では、しばらくぶりに連絡を取る取引先にはどのようにメールを書き出せばよいのでしょう。この場合は、ブランクがあっても「お世話になっております」というフレーズを使うのが一般的です。

「お世話になっております」とは日本のビジネスシーンでは言わずと知れた挨拶で、「面倒をみていただき、ありがとうございます」というニュアンスです。実際の関係性に関わらず、挨拶として口頭でもメールでも使用されるフレーズです。

「ご無沙汰しております」と「お世話になっています」は併用不可

「お世話になっております」と書き出しても、つい「ご無沙汰しております」と付け足したくなりますが、この二つのフレーズを併用するのはマナー違反です。

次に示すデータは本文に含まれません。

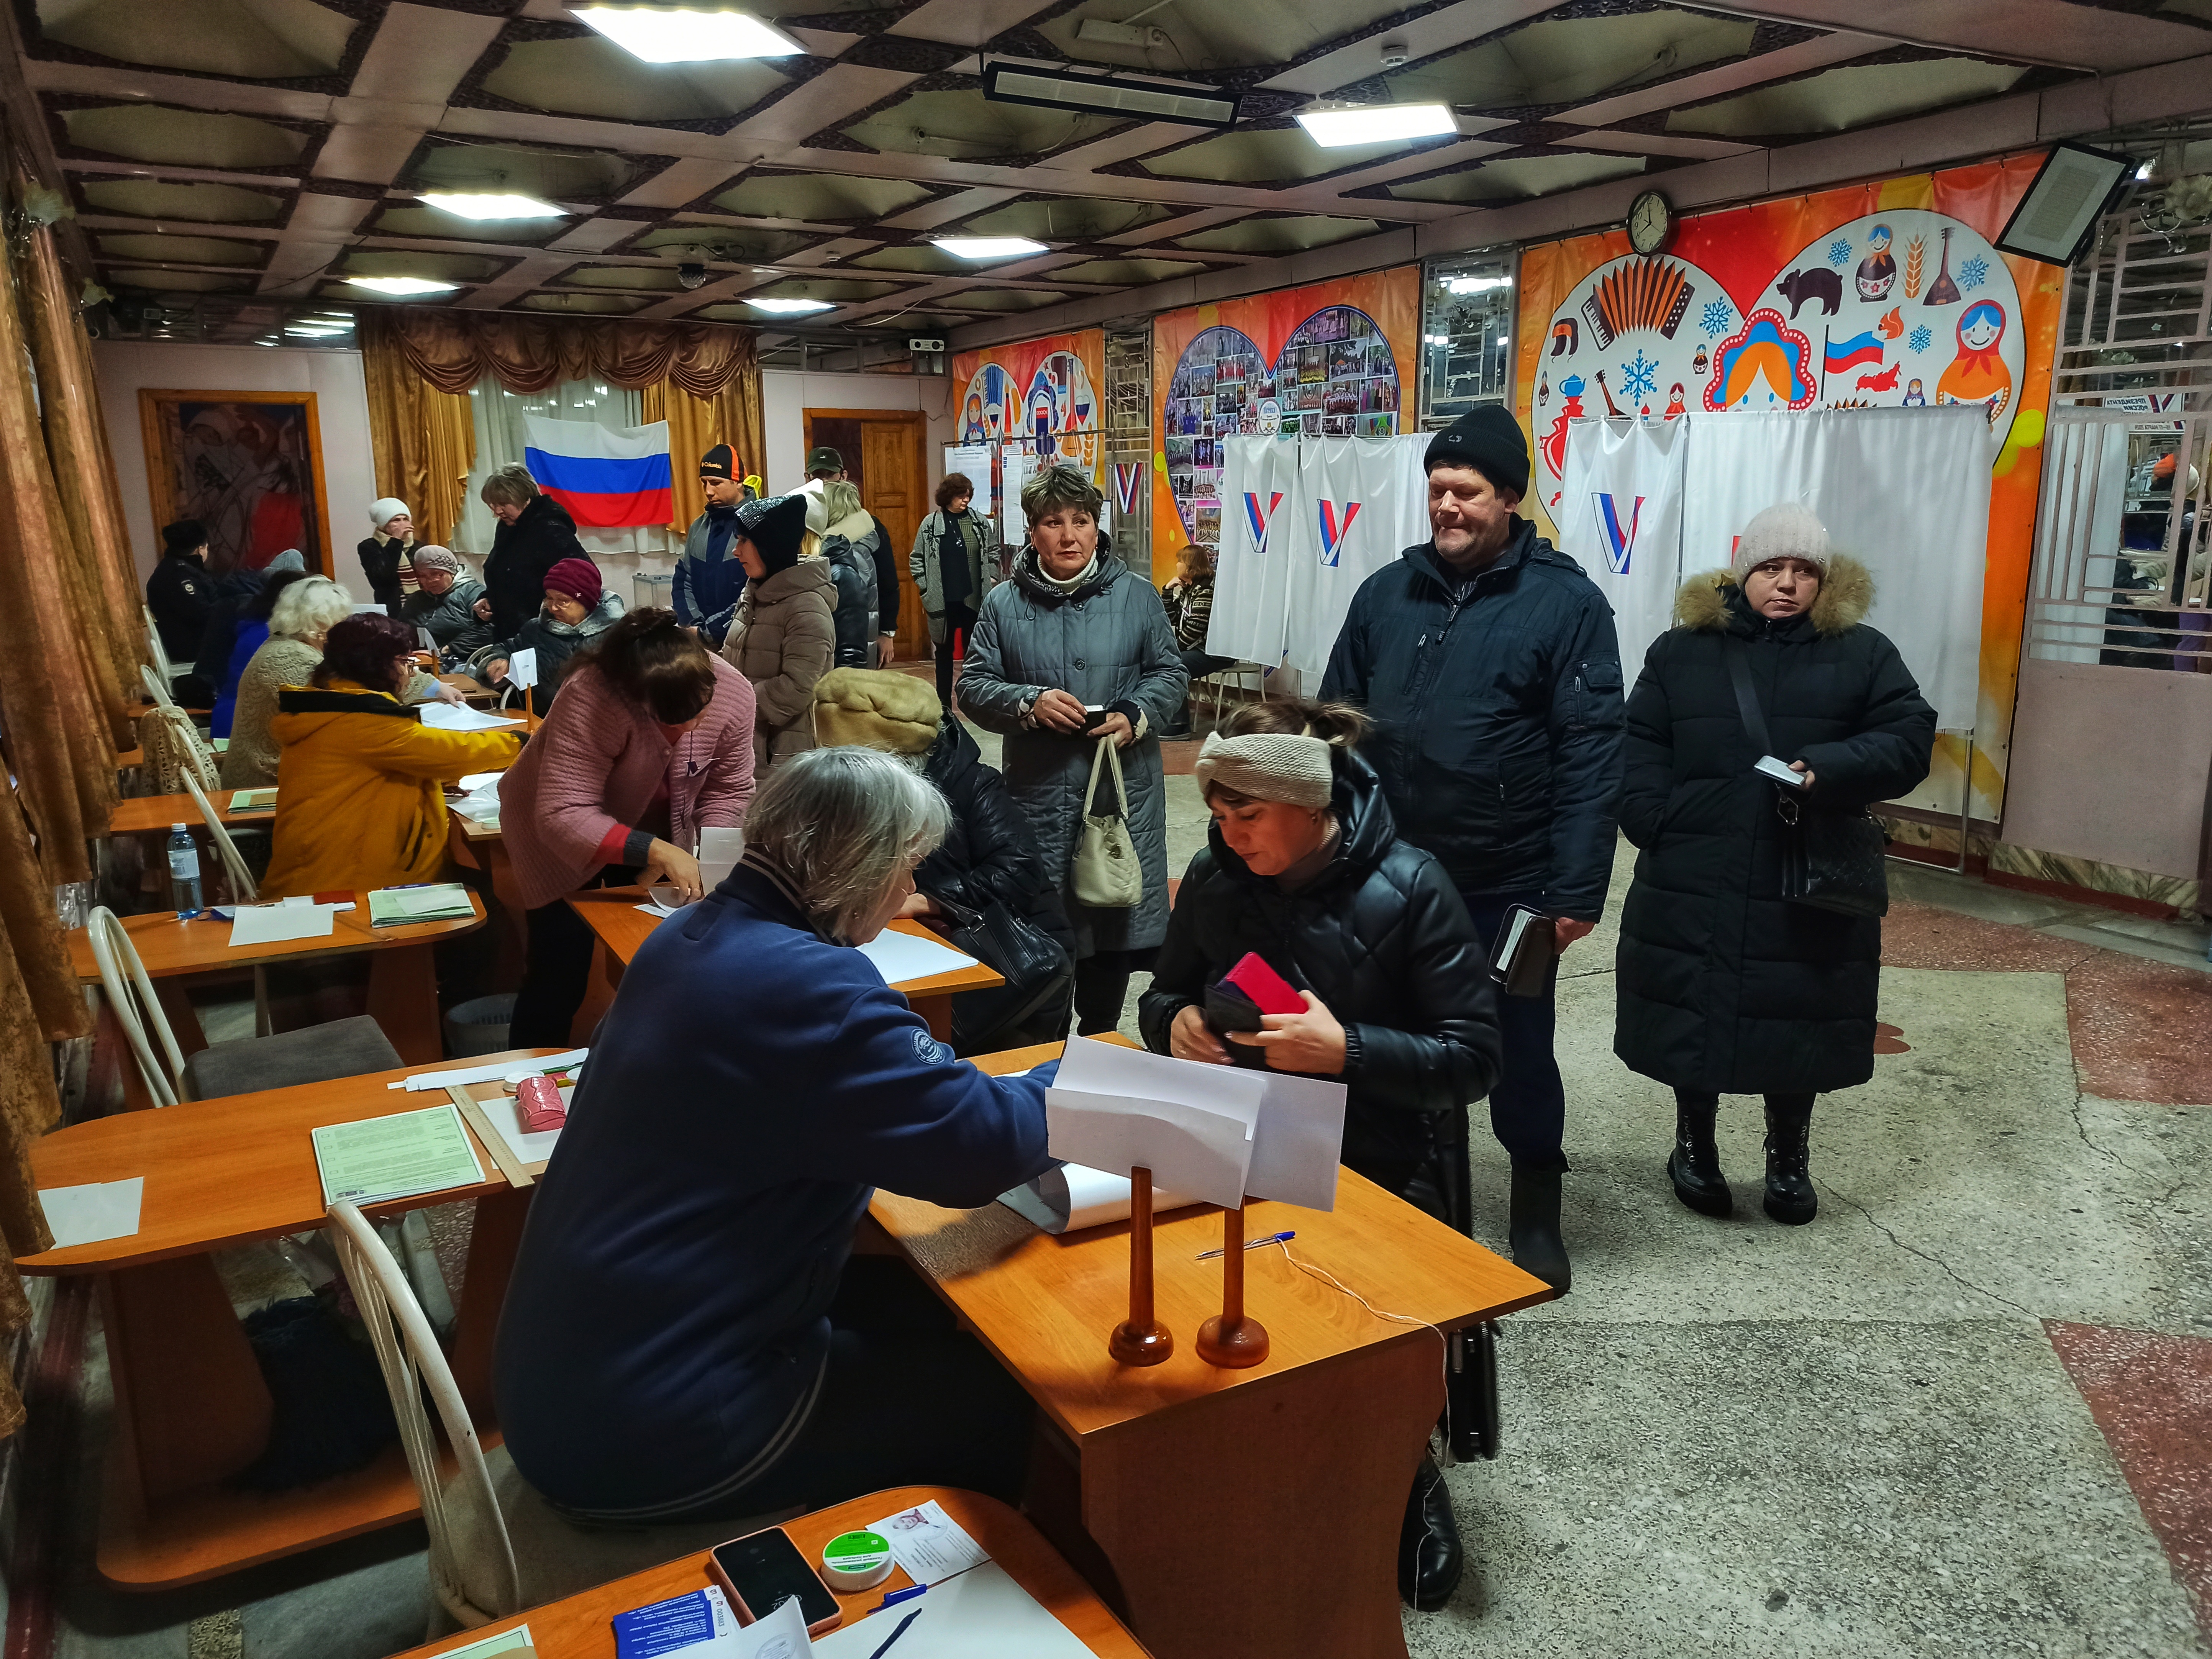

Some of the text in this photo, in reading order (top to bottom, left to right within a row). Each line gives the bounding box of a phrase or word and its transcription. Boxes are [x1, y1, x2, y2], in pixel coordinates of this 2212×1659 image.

[1647, 197, 1653, 205] 12
[1635, 212, 1643, 220] 10
[1634, 222, 1638, 230] 9
[1641, 239, 1646, 247] 7

「お世話になっております」が社交辞令であるとはいえ、「しばらく連絡もしていないのに世話になっている」という意味になり不適切だとされます。しっかりと使い分けたいフレーズです。

「ご無沙汰しております」への返事や返信

「こちらこそ、ご無沙汰しております」が一般的

「ご無沙汰しております」と挨拶をされた場合には、「こちらこそ、ご無沙汰しております」と返し、自分自身も連絡をしなかったことを詫びます。「こちらこそご無沙汰してしまい申し訳ございません」などの言い回しで用いられることもあります。

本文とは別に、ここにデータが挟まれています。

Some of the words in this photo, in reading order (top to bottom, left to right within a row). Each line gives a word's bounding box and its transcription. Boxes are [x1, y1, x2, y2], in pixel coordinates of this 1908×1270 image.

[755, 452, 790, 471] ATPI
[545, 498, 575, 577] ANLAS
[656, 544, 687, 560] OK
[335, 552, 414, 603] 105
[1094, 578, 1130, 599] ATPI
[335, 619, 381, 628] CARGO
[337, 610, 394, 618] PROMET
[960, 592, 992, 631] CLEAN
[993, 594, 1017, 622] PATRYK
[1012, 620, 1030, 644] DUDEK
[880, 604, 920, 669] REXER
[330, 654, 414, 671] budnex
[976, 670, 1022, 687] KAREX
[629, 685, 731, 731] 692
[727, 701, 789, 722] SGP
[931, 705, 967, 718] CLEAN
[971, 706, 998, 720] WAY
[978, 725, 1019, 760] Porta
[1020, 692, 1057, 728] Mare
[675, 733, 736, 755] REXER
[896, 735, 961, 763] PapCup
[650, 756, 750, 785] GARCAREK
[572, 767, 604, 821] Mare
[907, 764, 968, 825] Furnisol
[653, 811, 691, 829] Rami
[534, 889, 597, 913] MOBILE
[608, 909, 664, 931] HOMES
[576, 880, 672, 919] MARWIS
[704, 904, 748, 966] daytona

「お元気でいらっしゃいますか?」と気遣う言葉を足すことも

「ご無沙汰しております」とあわせて使うことが多いのが「お変わりありませんか?」や「お元気でいらっしゃいますか?」といった相手を気遣うフレーズです。相手の体調などへの気遣いを示すことができます。

先に相手から「ご無沙汰しております。お元気でしたか?」と言われた場合には、「こちらこそご無沙汰しております。おかげさまで、元気に過ごしています」などと返すとよいでしょう。

「ご無沙汰しております」の英語訳

「It has been a long time since~」と英訳する

「ご無沙汰しております」を英訳する際には、「It has been a long time since~」という表現を使用します。直訳すると「~してから長い時間がたった」という意味で、「久しぶり」というニュアンスを出すことができます。また「I haven’t seen you for a long time.(長い間会いませんでしたね)」に「ご無沙汰しております」の和訳があてられることもあります。

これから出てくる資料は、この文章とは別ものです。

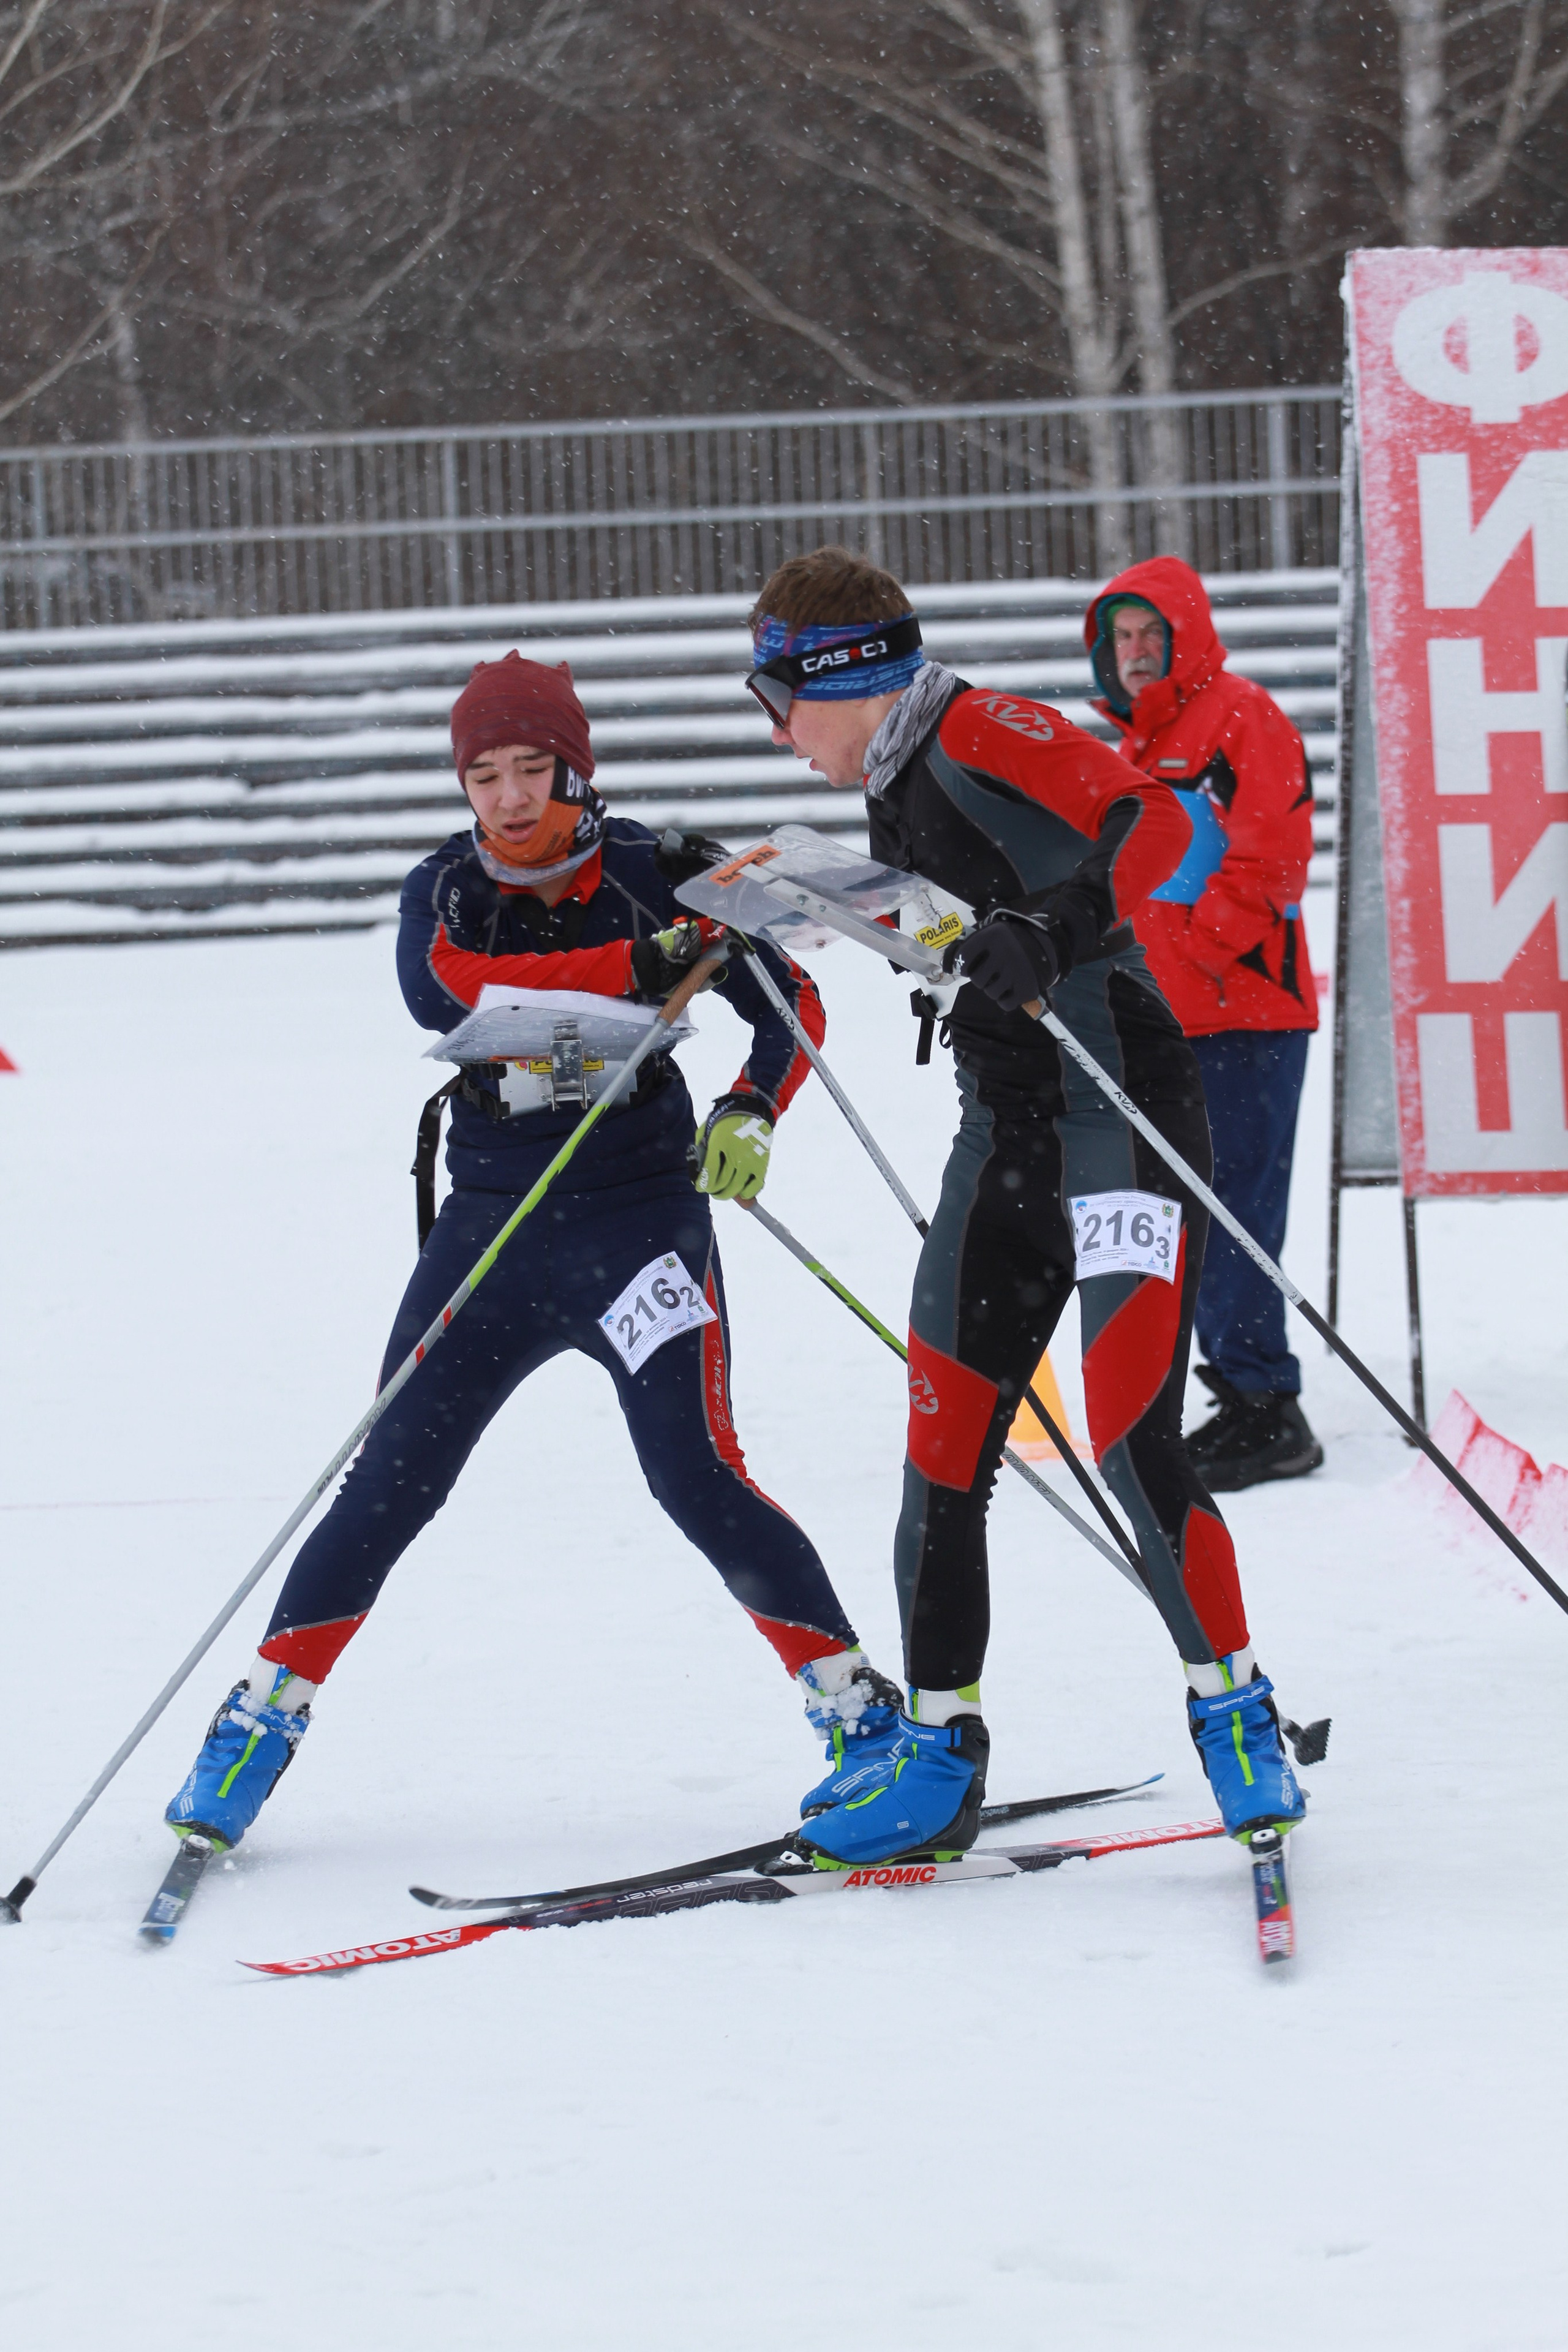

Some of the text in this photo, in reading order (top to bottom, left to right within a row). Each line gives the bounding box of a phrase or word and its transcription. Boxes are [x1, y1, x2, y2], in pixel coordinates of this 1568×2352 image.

[1392, 270, 1568, 1173] ФИНИШ
[920, 917, 960, 944] POLARIS
[1082, 1210, 1155, 1253] 216
[1155, 1236, 1170, 1259] 3
[617, 1278, 681, 1351] 216
[679, 1286, 700, 1308] 2
[1003, 1453, 1051, 1498] AVANTI
[1209, 1685, 1265, 1711] SPINE
[616, 1878, 714, 1904] redster
[843, 1866, 937, 1888] ATOMIC
[284, 1928, 462, 1971] ATOMIC

一方で、敬語を用いない英語とはいえ、「It’s been a while.」や「Long time no talk.」はカジュアルな言い回しであるため、「しばらくだね」「久しぶり」と和訳されることが多いです。ビジネスシーンではやや不向きな表現です。

まとめ

「ご無沙汰しております」とは「長い間連絡をせずにすみません」と、連絡をしなかったことを詫びる意味を持つ表現です。「ご無沙汰しております」というフレーズの成り立ちからも、ビジネスシーンで目上の人に使うのに適した表現とされています。半年以上あるいは年単位など、大きく期間が空いてしまった場合には「大変ご無沙汰しております」や「すっかりご無沙汰してしまい申し訳ありません」など言葉を足すと丁寧な印象になります。